Murphy Lifts Gag on Workers Who Cited ‘Toxic’ Campaign, Sex Assault
TRENTON — Gov. Phil Murphy put it in writing that anyone who worked on his 2017 gubernatorial campaign is free to speak about their experience despite having signed a confidentiality agreement.
The agreement had become an issue following the allegations of rape made by one-time campaign worker Katie Brennan against Al Alvarez, a fellow Phil Murphy campaign worker she accuses of sexually assaulting her at her Jersey City apartment. Murphy at first would not lift the agreement to allow Brennan and others to speak without the threat of a lawsuit.
Murphy in November said that anyone who wanted to speak out was free to do so but nothing formal was issued by the governor to back up his words. Most non-disclosure agreements carry a heavy financial penalty and possible legal action for violations.
Criticism increased after the State of the State address when Murphy said he was "disgusted" by the stories of women being mistreated sexually by men who felt "empowered, if not protected, by Trenton's culture."
Julie Roginsky, a political advisor who left the campaign in July 2017, told NJ.com's Tom Moran in an interview that was first published on Sunday that she had continued to be threatened by "people in the governor's organization" if she spoke about what she called "the most toxic workplace environment I have ever seen in 25 years of working on political campaigns,"
Roginsky told Moran she has evidence to back up her story about why she left the campaign, saying that it is more than a "he said, she said" situation.

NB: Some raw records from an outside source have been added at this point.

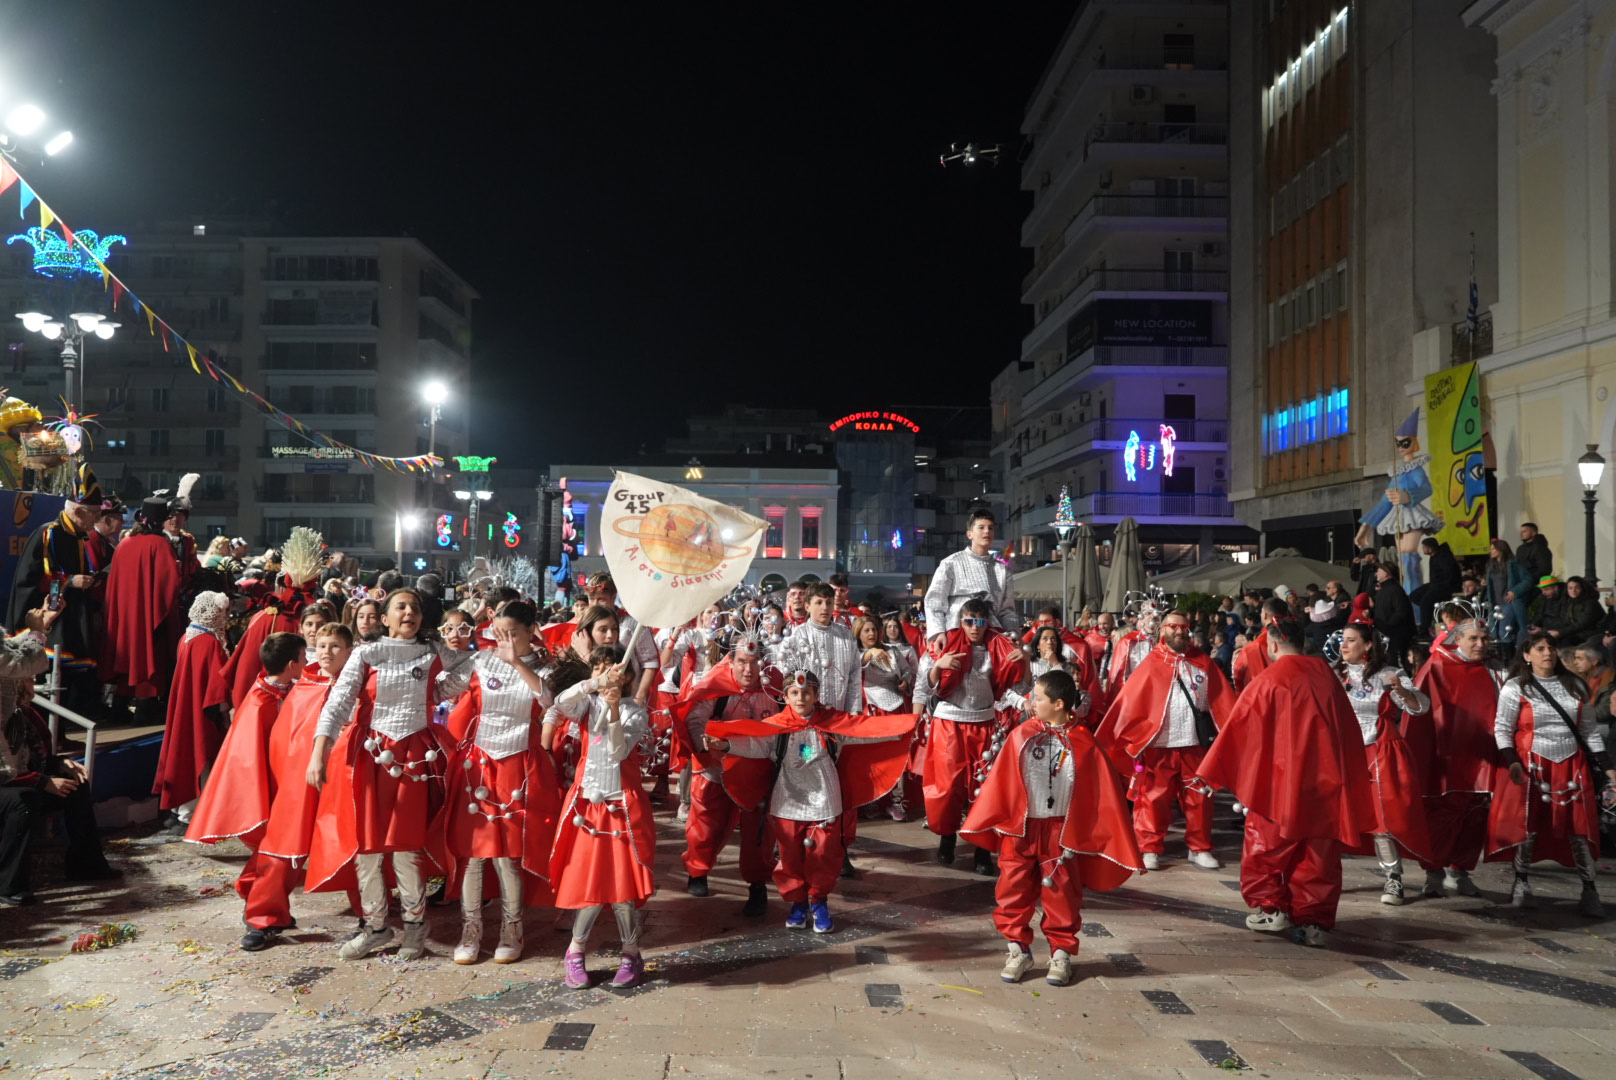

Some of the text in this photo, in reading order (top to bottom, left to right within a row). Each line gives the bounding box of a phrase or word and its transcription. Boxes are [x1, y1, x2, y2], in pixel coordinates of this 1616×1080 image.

[1114, 320, 1196, 328] NEW LOCATION
[829, 411, 920, 432] ΕΜΠΟΡΙΚΟ ΚΕΝΤΡΟ
[855, 422, 894, 431] ΚΟΛΛΑ
[614, 489, 665, 503] Group
[625, 500, 651, 514] 45

Murphy released a written statement on Tuesday that said there had been a "misunderstanding" about the obligations of the confidentiality agreement and that his only concern was to protect proprietary information.

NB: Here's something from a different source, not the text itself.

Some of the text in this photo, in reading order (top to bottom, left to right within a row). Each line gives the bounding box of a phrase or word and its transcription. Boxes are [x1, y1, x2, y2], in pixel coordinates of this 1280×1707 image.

“I value anyone’s right to come forward with any concerns over workplace issues, and I will now ensure that there is no doubt that our deeds match our words. Although I’ve said it many times, I have directed lawyers from the campaign to make it clear to anyone that they are legally free to speak about workplace issues on the campaign.”
Roginsky told NJ.com she had received a copy of the letter but did not have any further comment.